GM is cutting more than 14,000 jobs and plans to focus on electric and self-driving vehicles pic.twitter.com/0gorVPOsMS
— TicToc by Bloomberg (@tictoc) November 28, 2018
The layoff list continues to grow this month…
Lay offs I’ve seen announced in last month, explain why this is evidence of a strong economy?
GM
Blue Apron
Bombardier
Reuters
Disney
Starbucks
NBC Universal
Cisco
Western Sugar
CA Technologies
Union Pacific
Haagen Dazs
Boston Scientific
Wells Fargo
IKEA
Pfizer
Ford
Hasbro pic.twitter.com/SdzXeRqlo9— OW🎄 (@OccupyWisdom) November 29, 2018
Earlier this month, another survey showed more than 70% of US firms operating in Southern China are considering delaying further investment in the country and are moving manufacturing facilities to other countries as the trade war deepens.
According to the poll by the American Chamber of Commerce in South China, which surveyed over 200 companies, US firms operating in China warned – they are experiencing extreme difficulties from trade disputes than firms from other countries.
64% of the companies said they were planning to relocate supply chains outside of China, but only 1% said they would even consider establishing manufacturing bases in North America.
“While more than 70% of the U.S. companies are considering delaying or canceling investment in China, and relocation of some or all manufacturing out of China, only half of their Chinese counterparts share the same consideration,” the AmCham report said.
As the trade war deepens, supply chains in China are being forced to shift to Southeast Asia – not back to North America, the survey found.
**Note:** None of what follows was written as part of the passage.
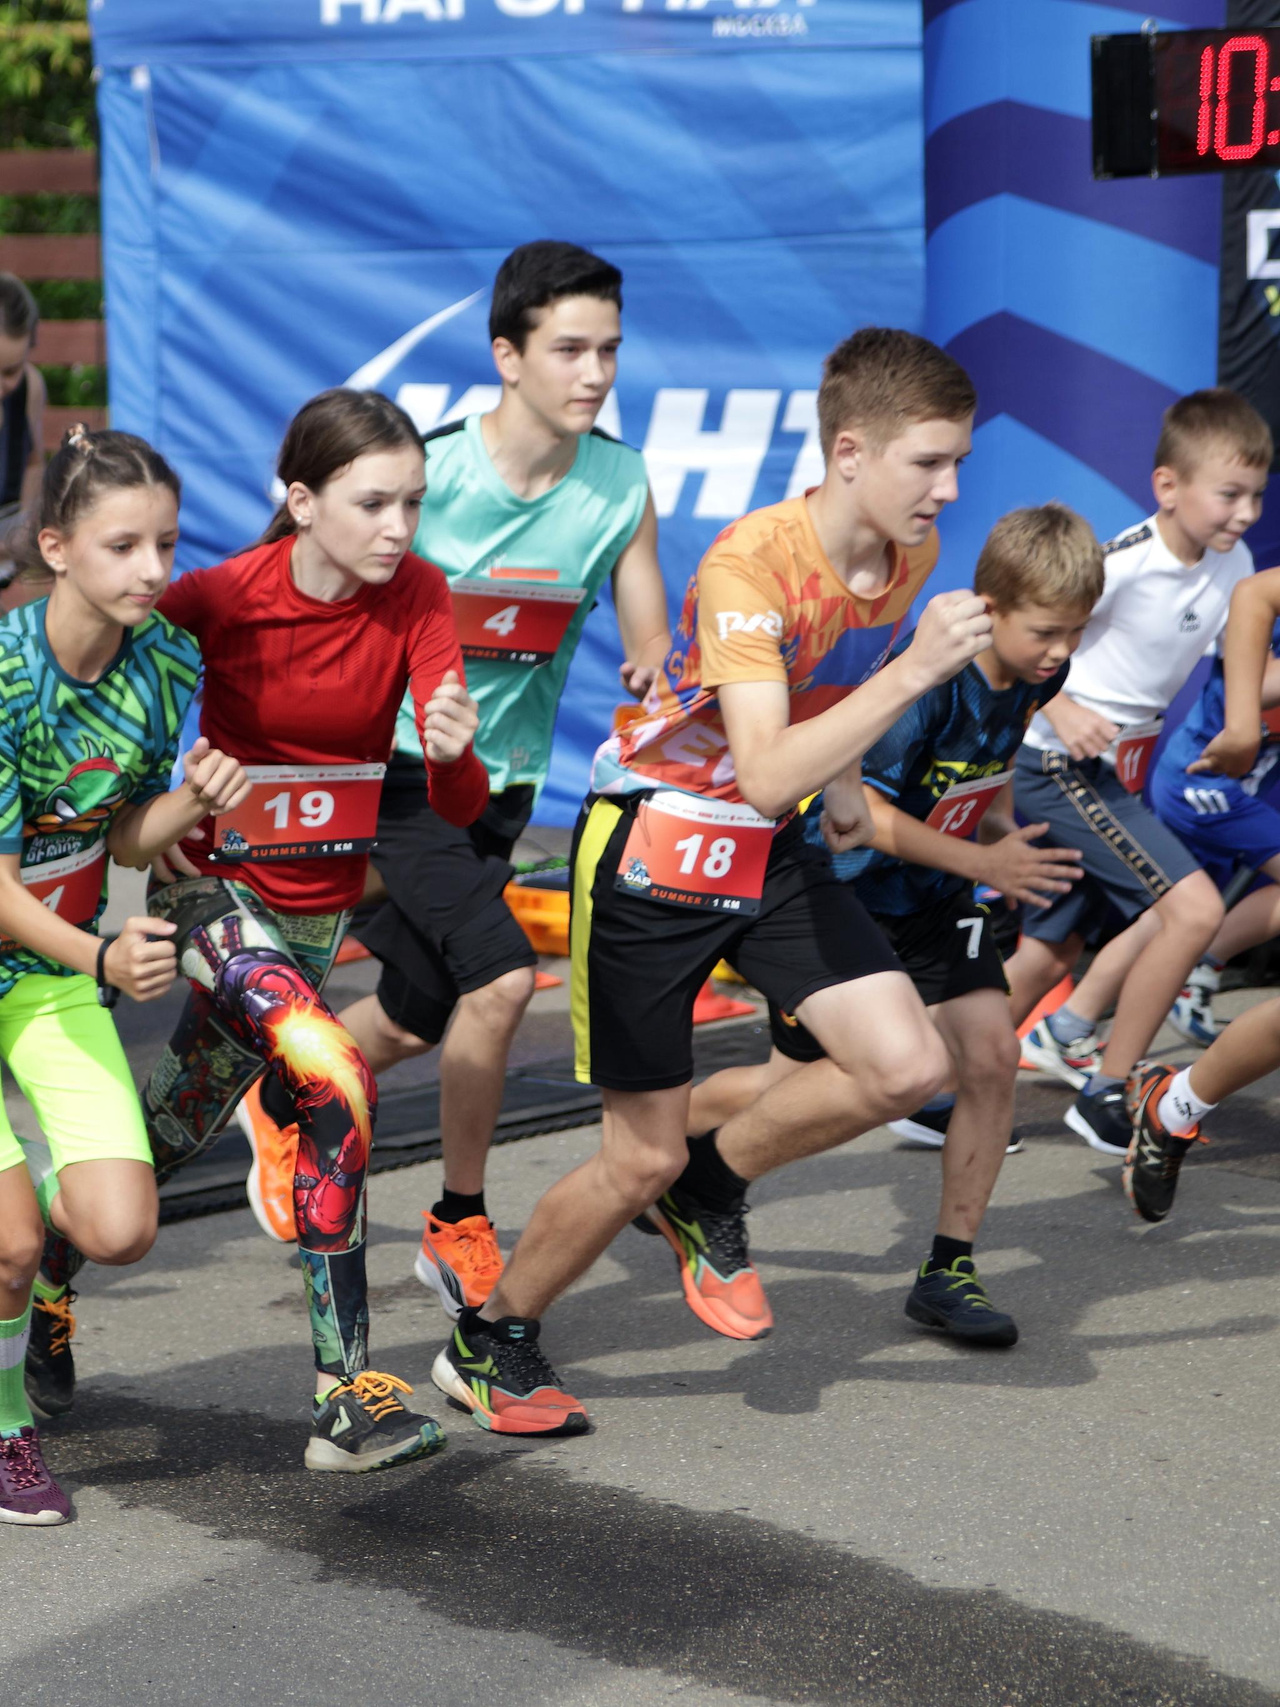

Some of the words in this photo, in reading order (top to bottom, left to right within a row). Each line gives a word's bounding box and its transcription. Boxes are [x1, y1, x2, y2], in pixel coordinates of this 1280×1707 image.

In short, the global supply chain is a huge, complicated process. Nonetheless, we can make some informed assumptions if the tariffs are actually working, in accordance to Trump admin’s revival narrative of the economy.
Glancing at the Federal Reserve Bank of Philadelphia’s monthly state leading indicator maps. They project state-by-state economic conditions six months into the future based on key metrics like housing permits, initial unemployment benefit claims, delivery time for goods produced by manufacturers, and the spread between short- and long-term interest rates, said The Washington Examiner.
The first map is for Sept. 2018, along with Aug. 2018 for comparison. The Aug. map shows most states west of the Mississippi River in forest green, indicating high pace growth. However, one month later, in Sept., a number of those states turned a paler shade of green, which showed slower economic growth.
August 2018 State Leading Indexes
September 2018 State Leading Indexes
Across the map, the slowdown was seen in Iowa, Nebraska, North Dakota, and South Carolina. The first three laggards are heavy grain exporting states; South Carolina is a heavy exporter of manufactured goods.
What can we infer? Maybe trade wars are starting to bite, and an economic blowback is shortly around the corner for the Trump administration.